When a Chronicler Falls Silent, an Industry Remembers Its Own

Indian fashion’s modern history has been shaped as much by its chroniclers as its creators. Among them, Meher Castelino occupied a distinctive place, combining reportage with long institutional memory. Her writing, consulting, and editorial contributions tracked the industry’s growth from its early professionalisation to its global presence. Her death signals the loss of a voice that understood fashion as labour, culture, and record.

Long Story, Cut Short
  • A personal remembrance traces the professional life and enduring influence of a journalist who documented Indian fashion’s evolution across decades.
  • From early fashion weeks to trade journalism, her work connected design, retail, and cultural shifts with clarity and institutional memory.
  • The piece reflects on mentorship, friendship, and the quieter labour of chronicling an industry as it took shape.
Meher
Iconic arc Meher Castelino, the first-ever Femina Miss India, soft-footed from the gilded world of fashion runways to defining the arc of reportage that went beyond the sashaying clothes to the business and people who shape the industry, in a style that blended the irreverent with the real. Meher Castelino

This story has been re-run by adding a tribute from Rahul Mehta, Chief Mentor, CMAI.

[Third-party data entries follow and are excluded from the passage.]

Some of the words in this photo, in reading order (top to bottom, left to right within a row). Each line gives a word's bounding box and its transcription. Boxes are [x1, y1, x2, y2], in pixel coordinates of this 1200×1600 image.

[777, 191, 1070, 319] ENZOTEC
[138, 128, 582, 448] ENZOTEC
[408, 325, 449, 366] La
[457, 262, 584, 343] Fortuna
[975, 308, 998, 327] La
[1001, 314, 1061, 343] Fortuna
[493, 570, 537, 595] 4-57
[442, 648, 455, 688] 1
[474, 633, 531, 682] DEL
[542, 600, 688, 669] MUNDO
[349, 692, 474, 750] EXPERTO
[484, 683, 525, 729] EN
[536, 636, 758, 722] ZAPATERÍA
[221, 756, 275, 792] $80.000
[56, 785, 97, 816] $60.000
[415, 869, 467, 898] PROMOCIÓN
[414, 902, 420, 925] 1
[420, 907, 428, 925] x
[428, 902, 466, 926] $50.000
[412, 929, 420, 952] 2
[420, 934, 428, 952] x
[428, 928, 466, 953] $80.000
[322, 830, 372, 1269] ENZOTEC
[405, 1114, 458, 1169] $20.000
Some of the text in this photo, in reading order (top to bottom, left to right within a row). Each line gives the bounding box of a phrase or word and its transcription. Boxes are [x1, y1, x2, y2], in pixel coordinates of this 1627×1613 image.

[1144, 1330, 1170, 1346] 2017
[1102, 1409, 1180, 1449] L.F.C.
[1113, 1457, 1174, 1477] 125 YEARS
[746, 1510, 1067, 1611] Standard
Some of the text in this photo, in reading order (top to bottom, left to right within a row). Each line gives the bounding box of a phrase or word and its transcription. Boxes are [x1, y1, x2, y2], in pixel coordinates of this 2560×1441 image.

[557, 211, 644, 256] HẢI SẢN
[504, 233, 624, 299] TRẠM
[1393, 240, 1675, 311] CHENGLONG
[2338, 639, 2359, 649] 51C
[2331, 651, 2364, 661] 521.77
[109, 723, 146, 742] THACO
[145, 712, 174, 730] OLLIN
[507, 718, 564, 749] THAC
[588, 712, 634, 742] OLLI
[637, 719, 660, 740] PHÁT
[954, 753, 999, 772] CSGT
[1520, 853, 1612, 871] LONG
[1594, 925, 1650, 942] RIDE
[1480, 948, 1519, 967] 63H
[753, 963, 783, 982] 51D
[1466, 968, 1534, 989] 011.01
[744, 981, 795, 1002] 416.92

Meher Castelino is no more. Tough to process this. In fact, I never thought the heart would feel so broken when I first heard the news. I am clairvoyant. Quite. But like always, when that message seeps into my subconscious, I remain disengaged, and then suddenly wham… I get it, actually witness it, some hours, a day or even a year later... goosebumps or a scream within, and an increasingly quiet acceptance, like now. As I write, I think I am beginning to embrace this hushed awakening (!?)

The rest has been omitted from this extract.